▶ [WHAT IS REQUIRED]
Print every line of the records below exactly as it reads.

▶ [MATERIAL SHOWN]
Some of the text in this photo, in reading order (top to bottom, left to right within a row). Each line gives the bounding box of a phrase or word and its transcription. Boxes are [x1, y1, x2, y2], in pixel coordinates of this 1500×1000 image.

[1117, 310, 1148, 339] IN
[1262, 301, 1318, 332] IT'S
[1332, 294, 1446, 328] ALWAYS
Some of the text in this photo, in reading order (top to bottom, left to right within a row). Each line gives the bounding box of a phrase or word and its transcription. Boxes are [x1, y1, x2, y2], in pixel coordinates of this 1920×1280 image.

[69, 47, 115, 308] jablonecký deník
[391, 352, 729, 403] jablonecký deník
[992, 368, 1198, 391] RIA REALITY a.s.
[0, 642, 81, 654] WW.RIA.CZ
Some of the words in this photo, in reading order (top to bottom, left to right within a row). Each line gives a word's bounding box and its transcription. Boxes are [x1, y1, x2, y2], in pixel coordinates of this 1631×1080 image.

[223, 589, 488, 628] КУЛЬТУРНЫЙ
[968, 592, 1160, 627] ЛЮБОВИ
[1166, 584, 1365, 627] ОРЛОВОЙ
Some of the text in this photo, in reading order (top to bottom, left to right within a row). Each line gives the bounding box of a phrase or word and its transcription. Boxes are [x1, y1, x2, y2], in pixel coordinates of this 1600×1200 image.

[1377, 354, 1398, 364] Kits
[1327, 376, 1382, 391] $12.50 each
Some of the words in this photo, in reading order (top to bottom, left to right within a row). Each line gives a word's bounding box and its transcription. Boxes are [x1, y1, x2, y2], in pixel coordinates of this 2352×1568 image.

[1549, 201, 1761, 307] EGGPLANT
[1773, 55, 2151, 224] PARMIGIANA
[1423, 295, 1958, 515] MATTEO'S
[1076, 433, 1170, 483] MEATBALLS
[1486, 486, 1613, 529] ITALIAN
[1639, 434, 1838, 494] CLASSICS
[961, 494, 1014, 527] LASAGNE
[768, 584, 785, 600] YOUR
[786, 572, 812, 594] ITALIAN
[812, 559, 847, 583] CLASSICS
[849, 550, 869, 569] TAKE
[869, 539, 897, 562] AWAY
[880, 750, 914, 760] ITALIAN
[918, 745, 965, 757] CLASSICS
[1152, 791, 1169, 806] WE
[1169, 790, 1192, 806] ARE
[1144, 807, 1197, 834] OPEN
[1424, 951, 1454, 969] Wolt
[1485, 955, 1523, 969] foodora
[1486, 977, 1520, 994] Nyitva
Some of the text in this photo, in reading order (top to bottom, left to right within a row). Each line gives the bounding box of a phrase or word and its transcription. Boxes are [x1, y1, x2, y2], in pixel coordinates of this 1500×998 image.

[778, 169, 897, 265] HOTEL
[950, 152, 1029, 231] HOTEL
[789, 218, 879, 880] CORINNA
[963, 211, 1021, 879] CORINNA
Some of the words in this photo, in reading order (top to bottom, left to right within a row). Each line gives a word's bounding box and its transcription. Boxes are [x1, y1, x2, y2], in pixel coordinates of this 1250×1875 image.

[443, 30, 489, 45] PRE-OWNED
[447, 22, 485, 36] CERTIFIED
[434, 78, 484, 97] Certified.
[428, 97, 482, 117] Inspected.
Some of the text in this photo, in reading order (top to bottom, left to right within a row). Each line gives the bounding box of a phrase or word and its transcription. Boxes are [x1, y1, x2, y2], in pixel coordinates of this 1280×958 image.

▶ [COMPLETED TASK]
Some of the text in this photo, in reading order (top to bottom, left to right within a row). Each line gives the bounding box of a phrase or word and its transcription. Boxes are [x1, y1, x2, y2], in pixel coordinates of this 1500×1000 image.

[1117, 310, 1148, 339] IN
[1262, 301, 1318, 332] IT'S
[1332, 294, 1446, 328] ALWAYS
Some of the text in this photo, in reading order (top to bottom, left to right within a row). Each line gives the bounding box of a phrase or word and its transcription. Boxes are [x1, y1, x2, y2], in pixel coordinates of this 1920×1280 image.

[69, 47, 115, 308] jablonecký deník
[391, 352, 729, 403] jablonecký deník
[992, 368, 1198, 391] RIA REALITY a.s.
[0, 642, 81, 654] WW.RIA.CZ
Some of the words in this photo, in reading order (top to bottom, left to right within a row). Each line gives a word's bounding box and its transcription. Boxes are [x1, y1, x2, y2], in pixel coordinates of this 1631×1080 image.

[223, 589, 488, 628] КУЛЬТУРНЫЙ
[968, 592, 1160, 627] ЛЮБОВИ
[1166, 584, 1365, 627] ОРЛОВОЙ
Some of the text in this photo, in reading order (top to bottom, left to right within a row). Each line gives the bounding box of a phrase or word and its transcription. Boxes are [x1, y1, x2, y2], in pixel coordinates of this 1600×1200 image.

[1377, 354, 1398, 364] Kits
[1327, 376, 1382, 391] $12.50 each
Some of the words in this photo, in reading order (top to bottom, left to right within a row). Each line gives a word's bounding box and its transcription. Boxes are [x1, y1, x2, y2], in pixel coordinates of this 2352×1568 image.

[1549, 201, 1761, 307] EGGPLANT
[1773, 55, 2151, 224] PARMIGIANA
[1423, 295, 1958, 515] MATTEO'S
[1076, 433, 1170, 483] MEATBALLS
[1486, 486, 1613, 529] ITALIAN
[1639, 434, 1838, 494] CLASSICS
[961, 494, 1014, 527] LASAGNE
[768, 584, 785, 600] YOUR
[786, 572, 812, 594] ITALIAN
[812, 559, 847, 583] CLASSICS
[849, 550, 869, 569] TAKE
[869, 539, 897, 562] AWAY
[880, 750, 914, 760] ITALIAN
[918, 745, 965, 757] CLASSICS
[1152, 791, 1169, 806] WE
[1169, 790, 1192, 806] ARE
[1144, 807, 1197, 834] OPEN
[1424, 951, 1454, 969] Wolt
[1485, 955, 1523, 969] foodora
[1486, 977, 1520, 994] Nyitva
Some of the text in this photo, in reading order (top to bottom, left to right within a row). Each line gives the bounding box of a phrase or word and its transcription. Boxes are [x1, y1, x2, y2], in pixel coordinates of this 1500×998 image.

[778, 169, 897, 265] HOTEL
[950, 152, 1029, 231] HOTEL
[789, 218, 879, 880] CORINNA
[963, 211, 1021, 879] CORINNA
Some of the words in this photo, in reading order (top to bottom, left to right within a row). Each line gives a word's bounding box and its transcription. Boxes are [x1, y1, x2, y2], in pixel coordinates of this 1250×1875 image.

[443, 30, 489, 45] PRE-OWNED
[447, 22, 485, 36] CERTIFIED
[434, 78, 484, 97] Certified.
[428, 97, 482, 117] Inspected.
Some of the text in this photo, in reading order (top to bottom, left to right within a row). Each line gives the bounding box of a phrase or word and its transcription. Boxes are [x1, y1, x2, y2], in pixel coordinates of this 1280×958 image.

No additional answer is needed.